Идет время, в моем телефоне все больше номеров, которые уже не отзовутся — их владельцы ушли от нас навсегда, но я суеверно не стираю их из телефонной памяти. Кое-что из ушедшего времени удается в очень кратком, очень усеченном варианте сохранить, когда я работаю оператором на скромных проектах, посвященных петербургским кинематографистам — главному редактору «Ленфильма» Фрижетте Гукасян, оператору и режиссеру Дмитрию Долинину, режиссеру Сергею Микаэляну, художнице Наталье Васильевой, оператору Дмитрию Месхиеву, директору ЛСДФ Владилену Кузину. Я стал все больше ценить простые интервью. В записанных на видео разговорах сохранится хоть какая-то память о замечательных людях, которые были рядом со мной.
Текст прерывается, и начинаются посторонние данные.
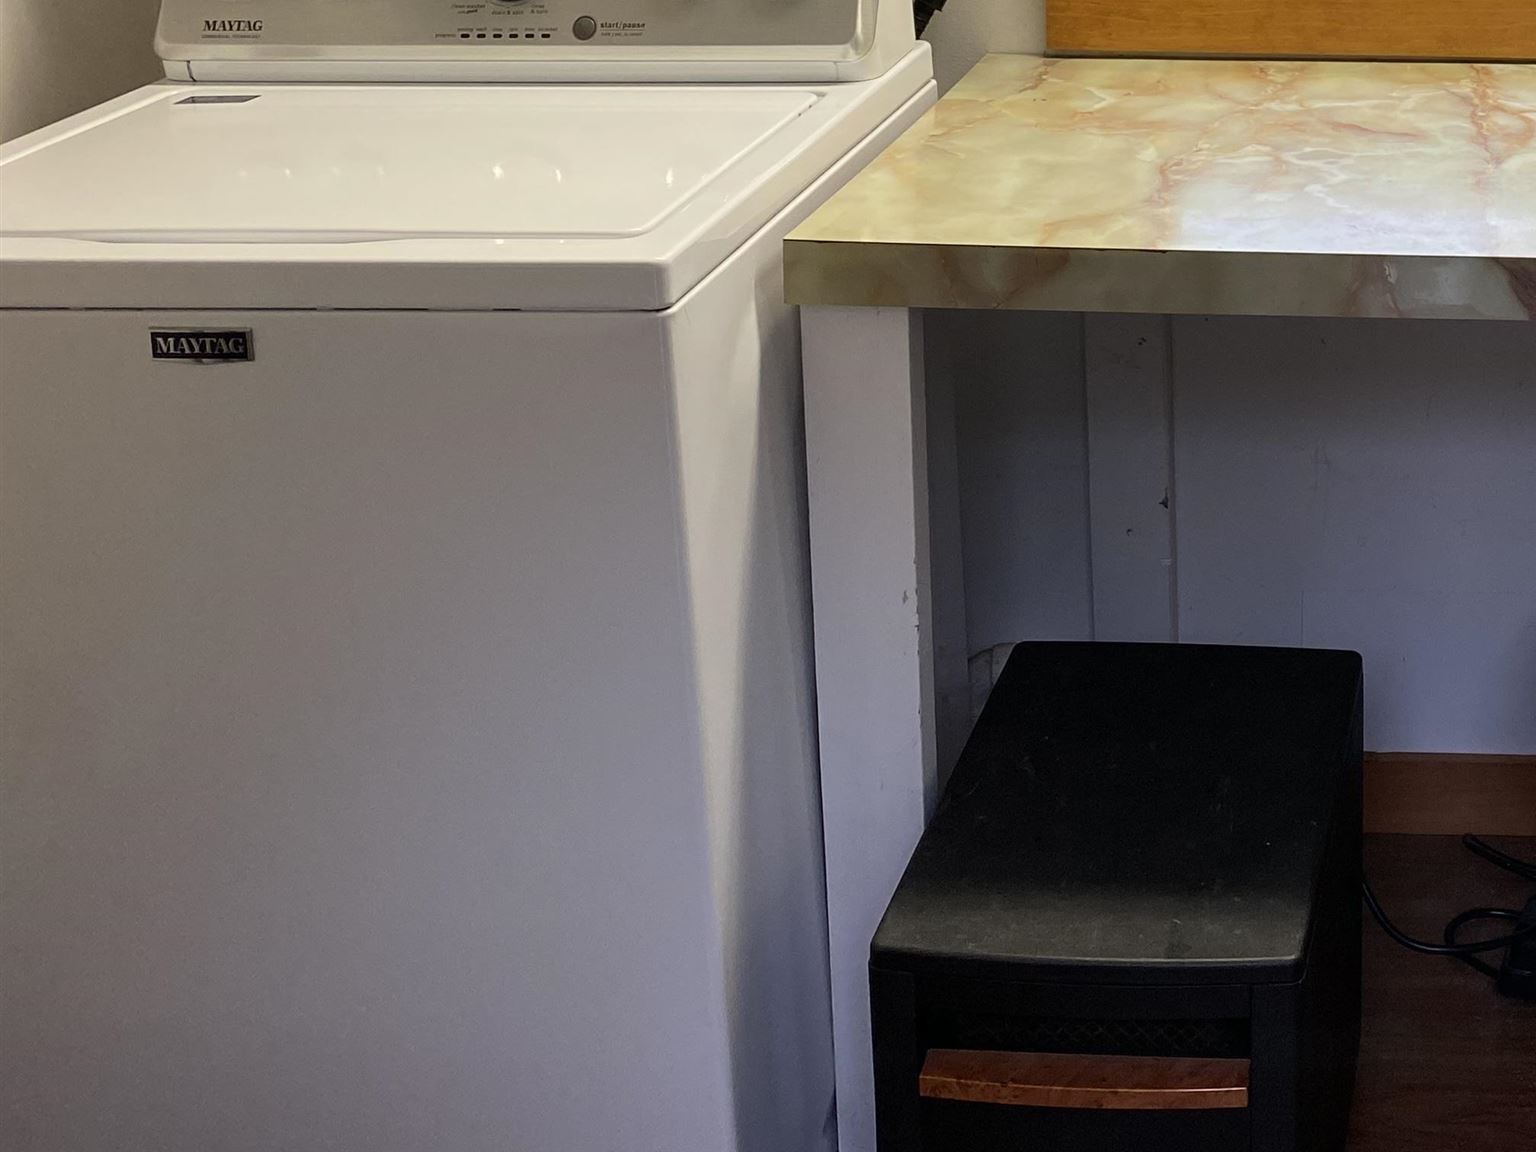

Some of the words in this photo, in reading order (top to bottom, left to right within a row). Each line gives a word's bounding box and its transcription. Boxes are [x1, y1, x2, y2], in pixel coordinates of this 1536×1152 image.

[202, 19, 264, 32] MAYTAG
[600, 21, 646, 31] start/pause
[155, 336, 245, 355] MAYTAG
У меня образовалась своеобразная коллекция интервью выдающихся художников, например, Инны Олевской, Веры Зелинской, Александра Загоскина, и кинооператоров — Сергея Астахова, Дмитрия Долинина, Сергея Юриздицкого, и режиссеров — Сергея Овчарова, Константина Лопушанского, Михаила Литвякова, и актеров — Натальи Фиссон, снимал я и целую плеяду деятелей искусства, рассказывающих о композиторе Каравайчуке, и многих, многих других. Эти записи множатся, но обычно не находят практического применения. Я пишу их, в общем-то, для архива, который, возможно, кто-нибудь откроет в будущем и услышит голоса из прошлого. А может быть и нет. Маргарита Кожевникова, редактор журнала «Буддизм в России», как-то мне рассказывала, что в Библиотеке Академии Наук хранятся записи известного российского востоковеда, одним из первых посетившего Тибет. В формуляре фиксируется, кто и когда читал эти записи. Так вот, там была всего одна запись. Всего один человек прочитал эти записки талантливого человека о таинственном Тибете! Очень хочется, тем не менее, чтобы мои интервью с известными питерскими операторами, художниками и режиссерами, кому-нибудь пригодились. Мне бы хотелось не просто зафиксировать какие-то случайные слова и мысли, но создать отпечатки душ этих людей, выявить самое существенное в их внутренней жизни, но это слишком сложная и длительная работа.